**Required work**
Word for word, and with pictures excluded, copy out all the records that follow.

**Dataset entries**
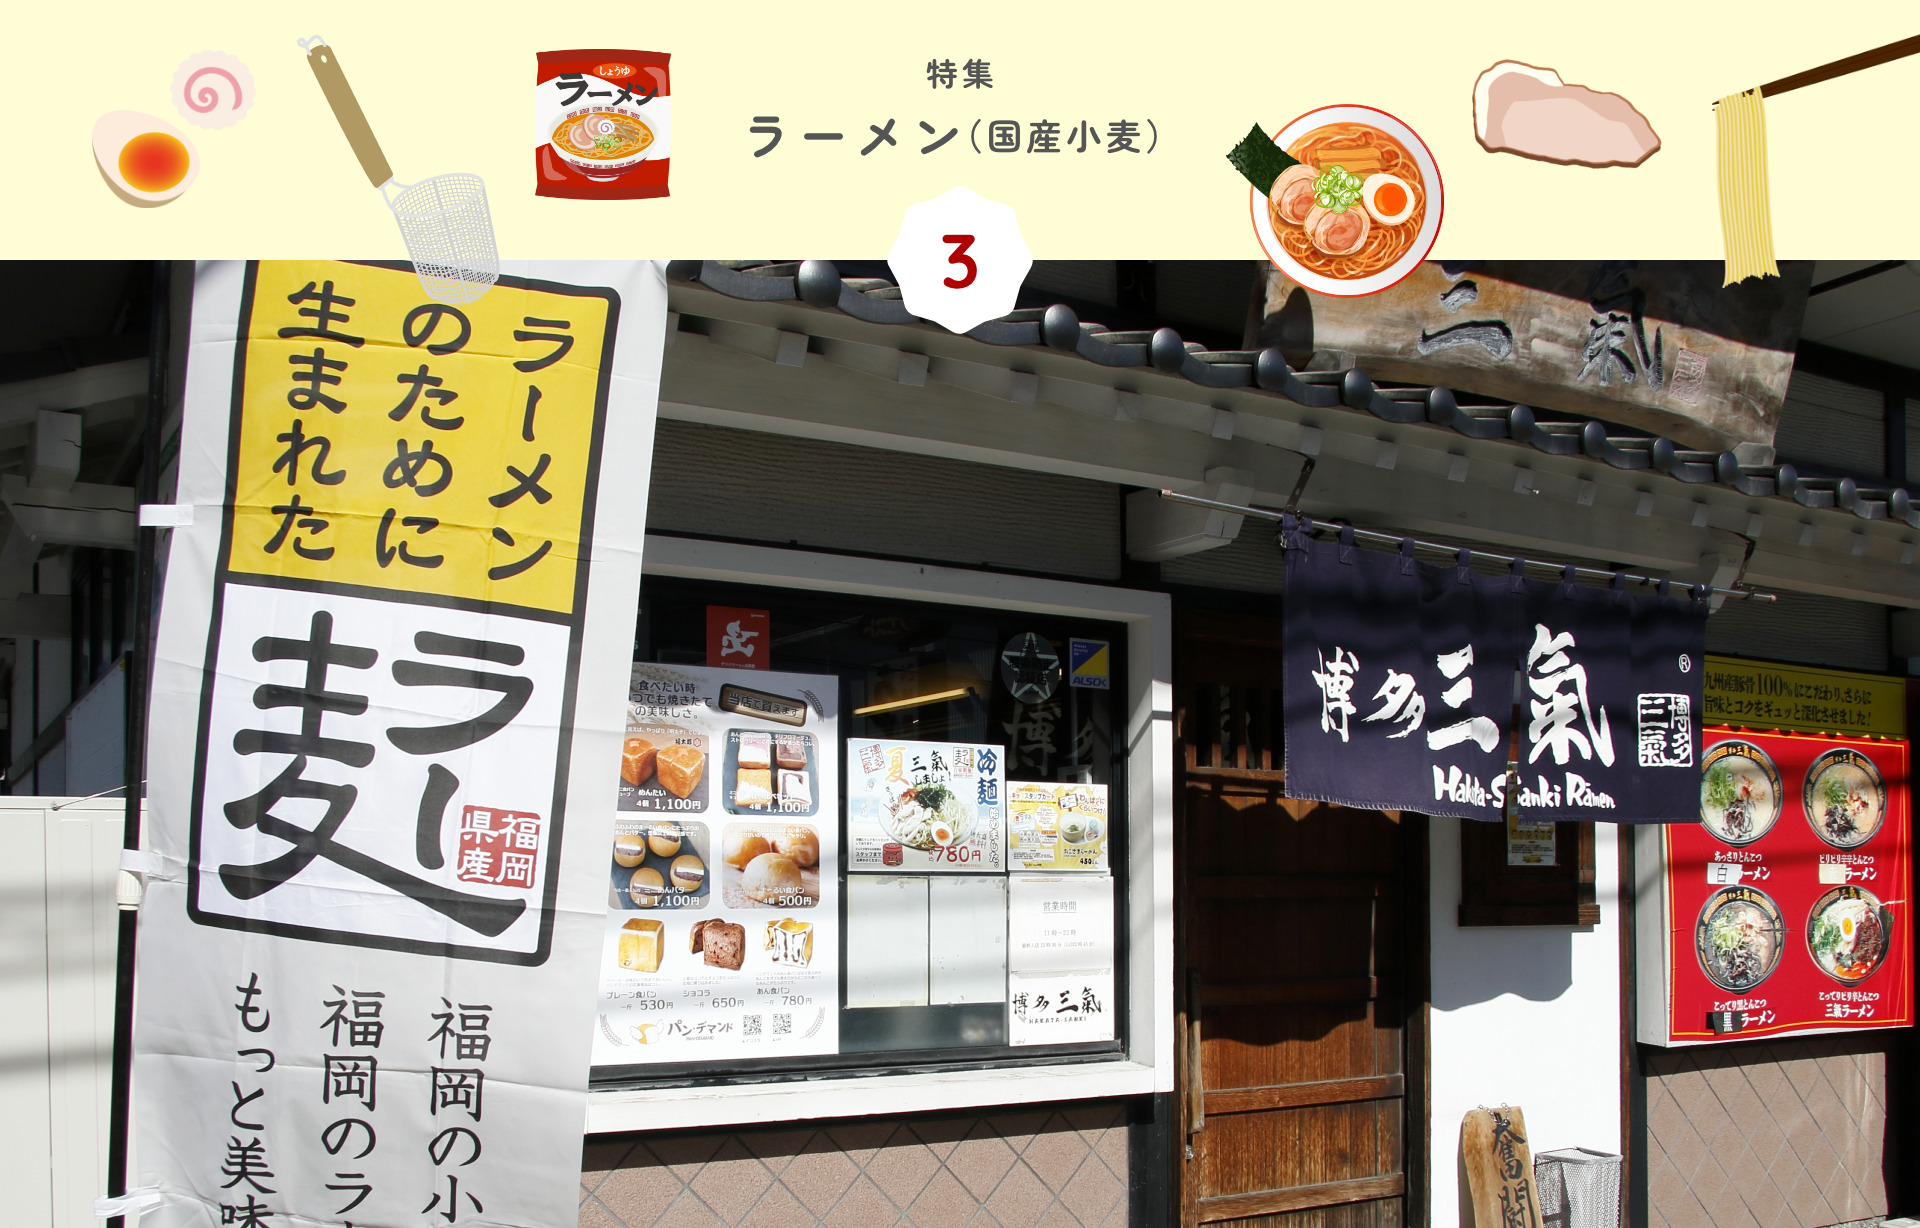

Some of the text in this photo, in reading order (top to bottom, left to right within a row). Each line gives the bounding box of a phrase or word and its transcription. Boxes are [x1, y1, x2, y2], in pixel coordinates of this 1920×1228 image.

[263, 280, 365, 561] 生まれた
[376, 303, 472, 569] のために
[488, 316, 575, 581] ラーメン
[638, 679, 696, 693] 食べたい時
[1072, 676, 1107, 687] ALSOK
[1312, 623, 1615, 767] 博多三氣
[728, 691, 800, 718] 当店で買えます
[635, 706, 700, 720] の美味しさ。
[885, 746, 909, 786] 夏
[910, 749, 948, 773] 三氣
[638, 788, 667, 797] めんたい
[654, 798, 701, 811] 1,100円
[766, 801, 810, 813] 1,100円
[988, 807, 1000, 869] 始めました。
[934, 845, 982, 863] 780円
[1714, 850, 1762, 863] あっさりとんこつ
[653, 895, 700, 906] 1,100円
[778, 895, 812, 906] 500円
[1043, 900, 1077, 911] 営業時間
[606, 990, 657, 1000] プレーン食パン
[683, 989, 711, 997] ショコラ
[756, 986, 790, 995] あん食パン
[1819, 991, 1880, 1003] こってりピリ辛とんこつ
[640, 999, 674, 1010] 530円
[712, 997, 745, 1008] 650円
[781, 995, 812, 1006] 780円
[1012, 986, 1102, 1016] 博多三氣
[1714, 999, 1767, 1011] こってり黒とんこつ
[1825, 1003, 1875, 1019] 三氣ラーメン
[1029, 1016, 1087, 1024] HAKATA-SANKI
[220, 972, 279, 1228] もっと美味
[320, 984, 386, 1228] 福岡のラ
[421, 996, 493, 1223] 福岡の小

**Answer space**
Some of the text in this photo, in reading order (top to bottom, left to right within a row). Each line gives the bounding box of a phrase or word and its transcription. Boxes are [x1, y1, x2, y2], in pixel coordinates of this 1920×1228 image.

[263, 280, 365, 561] 生まれた
[376, 303, 472, 569] のために
[488, 316, 575, 581] ラーメン
[638, 679, 696, 693] 食べたい時
[1072, 676, 1107, 687] ALSOK
[1312, 623, 1615, 767] 博多三氣
[728, 691, 800, 718] 当店で買えます
[635, 706, 700, 720] の美味しさ。
[885, 746, 909, 786] 夏
[910, 749, 948, 773] 三氣
[638, 788, 667, 797] めんたい
[654, 798, 701, 811] 1,100円
[766, 801, 810, 813] 1,100円
[988, 807, 1000, 869] 始めました。
[934, 845, 982, 863] 780円
[1714, 850, 1762, 863] あっさりとんこつ
[653, 895, 700, 906] 1,100円
[778, 895, 812, 906] 500円
[1043, 900, 1077, 911] 営業時間
[606, 990, 657, 1000] プレーン食パン
[683, 989, 711, 997] ショコラ
[756, 986, 790, 995] あん食パン
[1819, 991, 1880, 1003] こってりピリ辛とんこつ
[640, 999, 674, 1010] 530円
[712, 997, 745, 1008] 650円
[781, 995, 812, 1006] 780円
[1012, 986, 1102, 1016] 博多三氣
[1714, 999, 1767, 1011] こってり黒とんこつ
[1825, 1003, 1875, 1019] 三氣ラーメン
[1029, 1016, 1087, 1024] HAKATA-SANKI
[220, 972, 279, 1228] もっと美味
[320, 984, 386, 1228] 福岡のラ
[421, 996, 493, 1223] 福岡の小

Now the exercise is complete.